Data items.
---------------
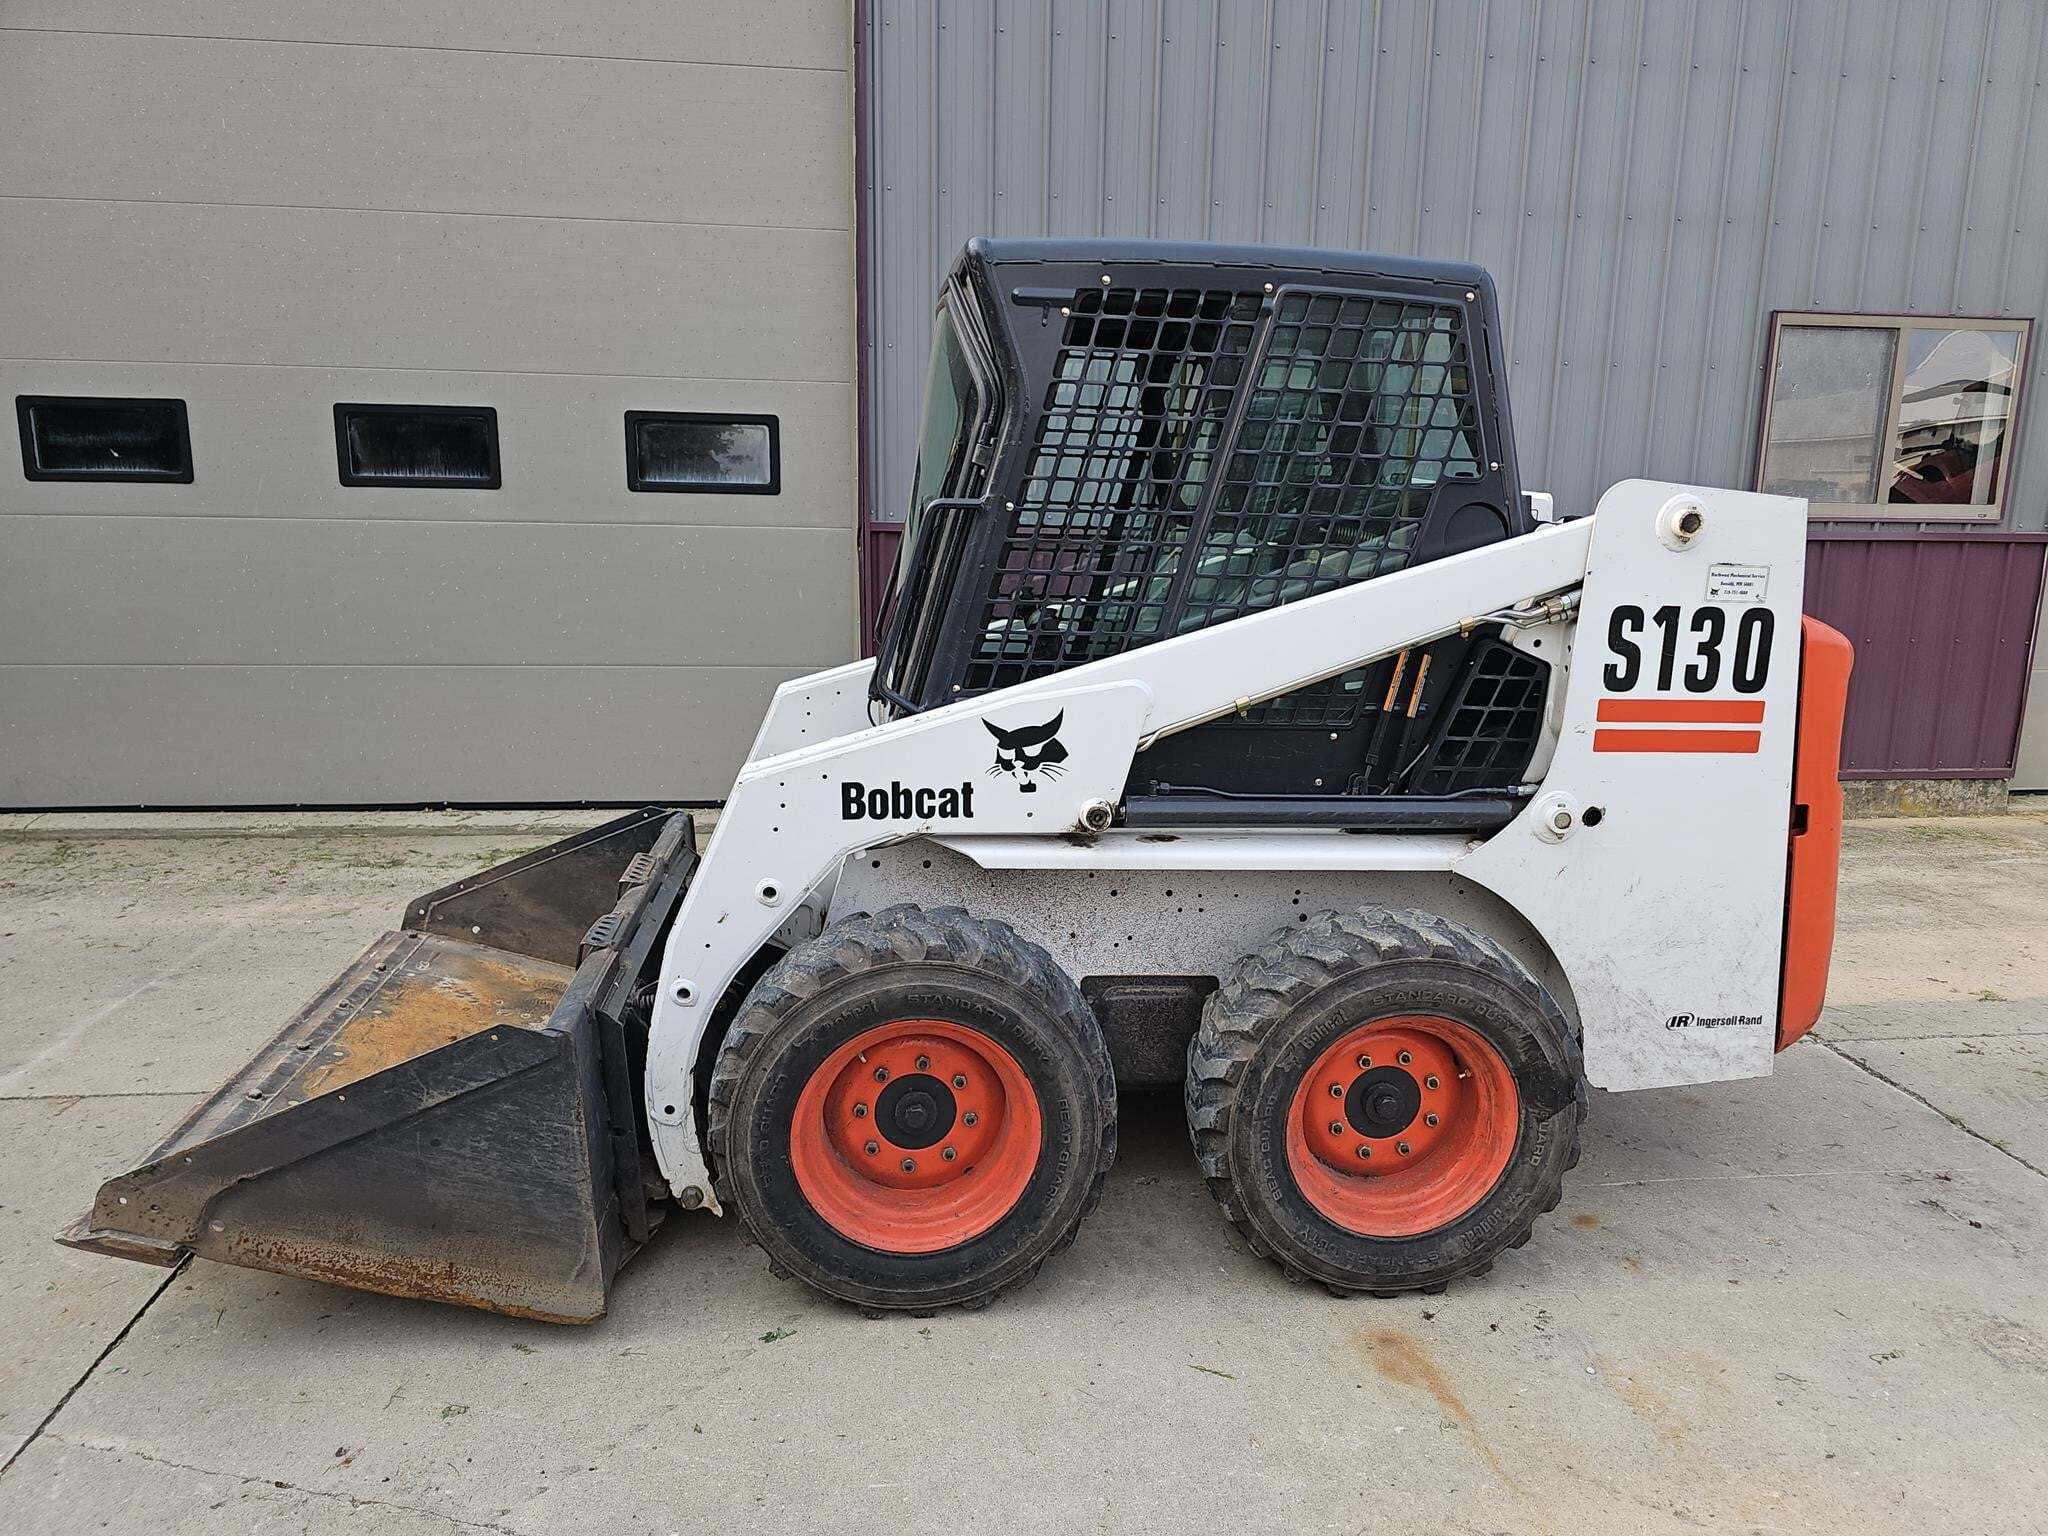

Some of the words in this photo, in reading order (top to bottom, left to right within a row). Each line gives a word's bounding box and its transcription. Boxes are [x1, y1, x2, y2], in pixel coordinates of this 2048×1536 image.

[1603, 605, 1775, 694] S130
[841, 781, 974, 820] Bobcat
[1300, 1008, 1348, 1050] Bobcat
[1262, 1157, 1284, 1201] BEAD
---------------
Exclude the pictures and print the rest of the data exactly.

Exercise answer.
Some of the words in this photo, in reading order (top to bottom, left to right within a row). Each line gives a word's bounding box and its transcription. Boxes are [x1, y1, x2, y2], in pixel coordinates of this 2048×1536 image.

[1603, 605, 1775, 694] S130
[841, 781, 974, 820] Bobcat
[1300, 1008, 1348, 1050] Bobcat
[1262, 1157, 1284, 1201] BEAD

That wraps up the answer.